Independentemente da sua veracidade, há argumentos de que o suicídio teria servido os interesses do governo militar, enquanto a teoria de que o presidente foi assassinado contribuiria para fortalecer a oposição, que apresentou este crime como um poderoso argumento na luta contra a ditadura de Augusto Pinochet.

Questões em aberto

Pamela Pereira, advogada da família Allende, defendeu que não se pode confiar em uma autópsia realizada sem as necessárias condições médicas e científicas e na presença de oficiais militares. A grande questão é saber se hoje, 37 anos após a morte, é possível aos legistas fazer uma investigação que forneça resultados confiáveis.

Em 1990, o corpo de Allende foi exumado para ser transferido para o mausoléu da família, no cemitério de Santiago, e receber um funeral com honras de Estado para um ex-presidente. Nesta segunda-feira, uma equipe de chilenos e estrangeiros desenterrou os restos mortais para tentar descobrir a chamada verdade histórica e legal sobre a causa da morte.

O médico Marcel Verhoff, o Instituto de Medicina Legal da Universidade de Giessen, na Alemanha, especialista em análise em diferentes períodos post mortem, diz que é muito importante saber se foram tomadas medidas de conservação do corpo em 1973 e as condições em que os restos mortais foram depositados no mausoléu em 1990. Sabe-se que o corpo se apresentava em estado de esqueleto e que teve seu volume reduzido para a colocação no túmulo novo.

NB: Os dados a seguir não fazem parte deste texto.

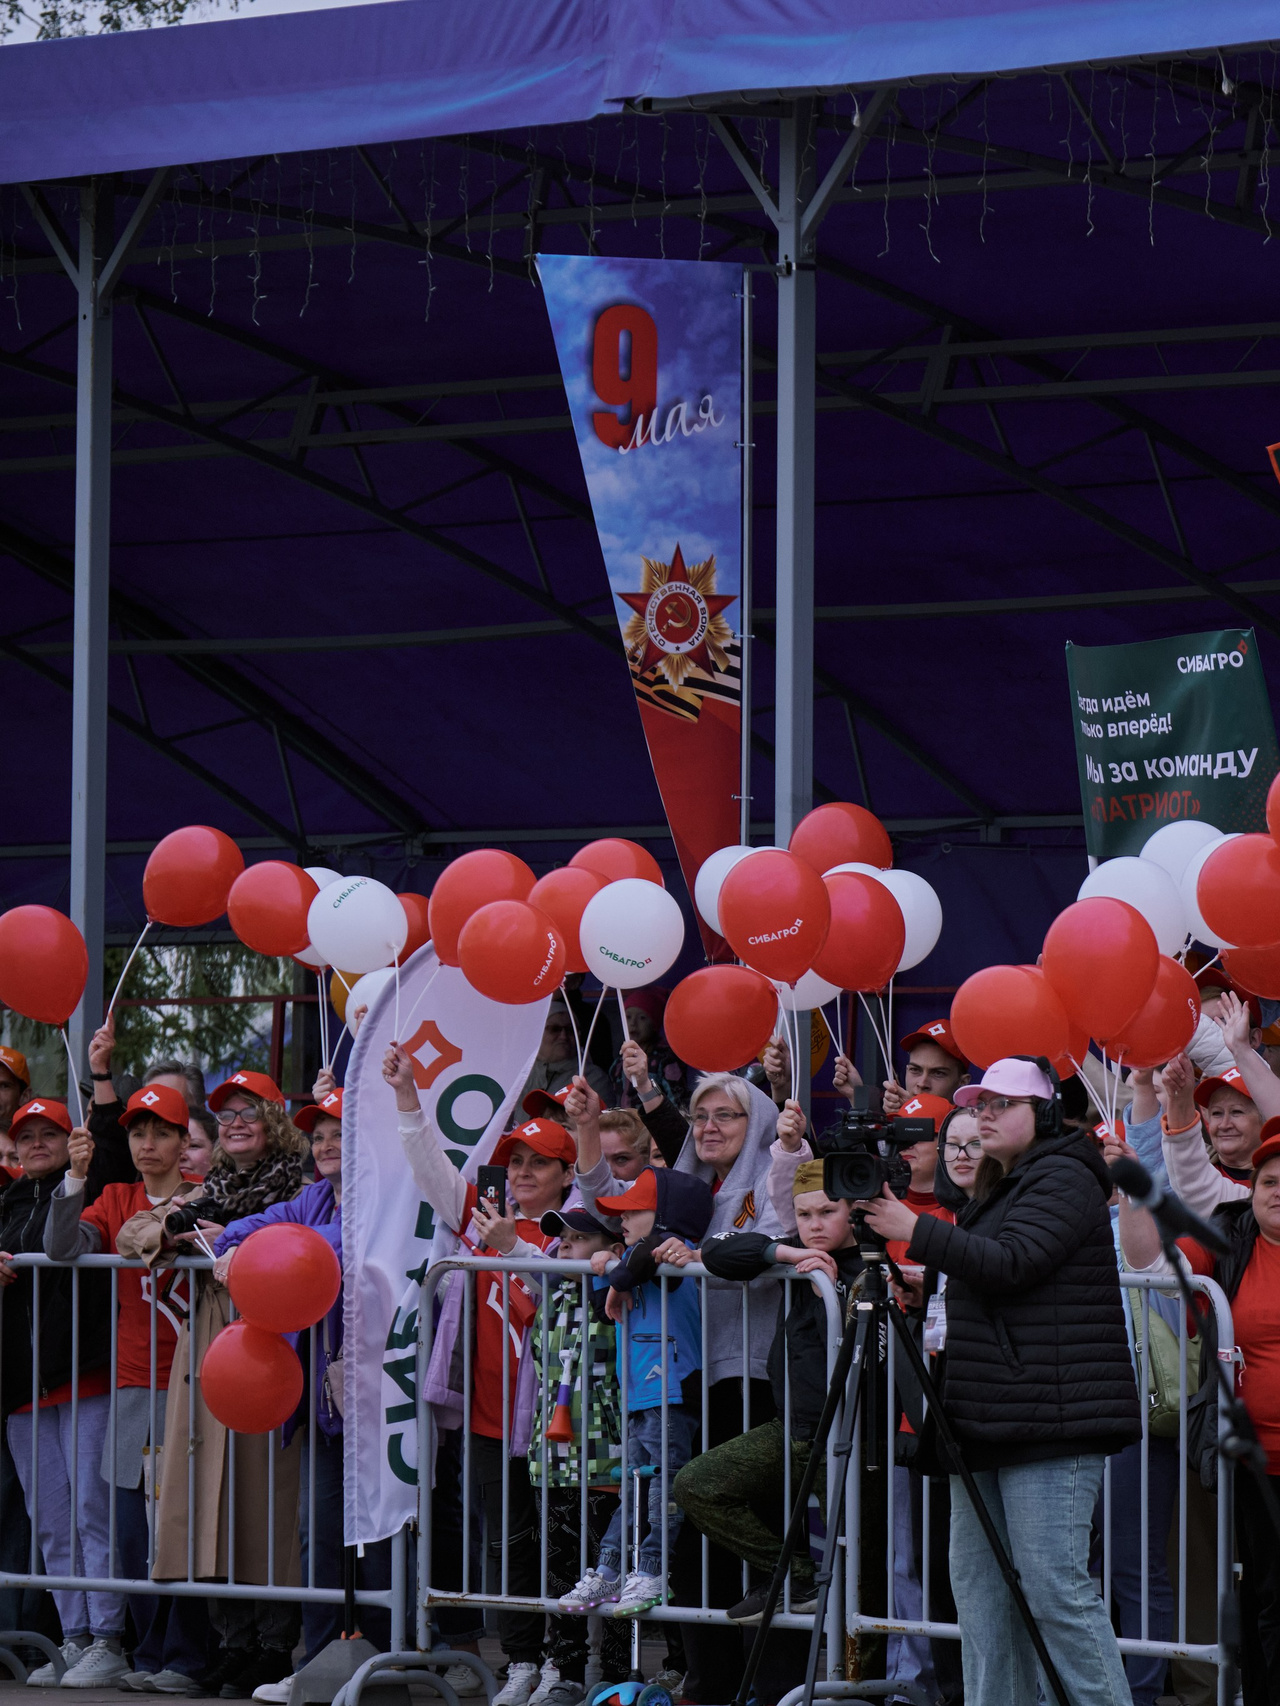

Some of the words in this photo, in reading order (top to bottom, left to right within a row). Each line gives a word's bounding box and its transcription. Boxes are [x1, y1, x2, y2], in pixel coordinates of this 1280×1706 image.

"Nem perdão, nem esquecimento", diz cartaz. Ditadura militar ainda é uma ferida aberta no Chile

Exames complementares

"Se os ossos do crânio ainda permanecem completos, mesmo depois de 37 anos as lesões correspondentes devem ser verificáveis, e as lesões ósseas resultantes de um tiro na boca também ainda podem ser bem visíveis no crânio ou no restante do esqueleto", explica o professor Verhoff. "Quanto mais partes do corpo estiverem disponíveis, mais conclusões podem ser tiradas. Em particular, neste caso, exames complementares, como uma tomografia computadorizada podem ajudar uma investigação mais aprofundada", acrescenta.

Não está claro quanto tempo esta investigação deve levar. O especialista avalia que os estudos macroscópicos podem ficar prontos dentro de alguns dias, embora outros possam vir a ser necessários, como tomografia computadorizada, histologia, microscopia eletrônica de varredura e testes de toxicologia.

Para assegurar os melhores resultados, Verhoff indica que "em qualquer caso, o ideal seria ter uma equipe multidisciplinar composta por peritos forenses, antropólogos, arqueólogos, radiologistas, toxicologistas e criminologistas". Além disso, "a investigação deve ser devidamente documentada, para que os resultados e as conclusões finais sejam confiáveis​​", recomenda o legista.

Olhar para o futuro

Para o professor Stefan Rinke, do Instituto de Estudos Latino-Americanos da Universidade Livre de Berlim, a busca pela verdade é um processo indispensável. "É um passo necessário, tendo em conta as emoções dos membros da família, que querem saber o que aconteceu, e também de toda a sociedade chilena, que tem fortes sentimentos a respeito do presidente Allende", diz.

Stefan Rinke, da Universidade Livre de Berlim

Stefan Rinke, da Universidade Livre de Berlim

Rinke indica que dissipar as dúvidas neste caso é tão importante quanto em outros menos conhecidos, que nunca foram encerrados. "Acho que é algo absolutamente necessário, para obtermos a liberdade de viver o futuro", observa o professor Rinke. "Estou convencido que, pelo menos, tem que ser estabelecida a verdade histórica, especialmente em matérias tão discutidas como a morte de Allende, que gera tantos rumores. Para a paz interna de um país, isso é necessário".

A lembrança da morte de Allende traz à mente eventos que no Chile não foram completamente encerrados e ainda geram conflitos. Ela ocorreu em um contexto de extrema violência que marcou o início de um período de ditadura de 17 anos. Por isso, o professor Rinke lembra que é preciso tempo para a sociedadLinke chilena assumir esses fatos. "O período de 20 anos que decorreu desde o retorno à democracia no Chile ainda é curto. Pelo menos durante uma geração ainda vamos discutir esse caso", acrescenta.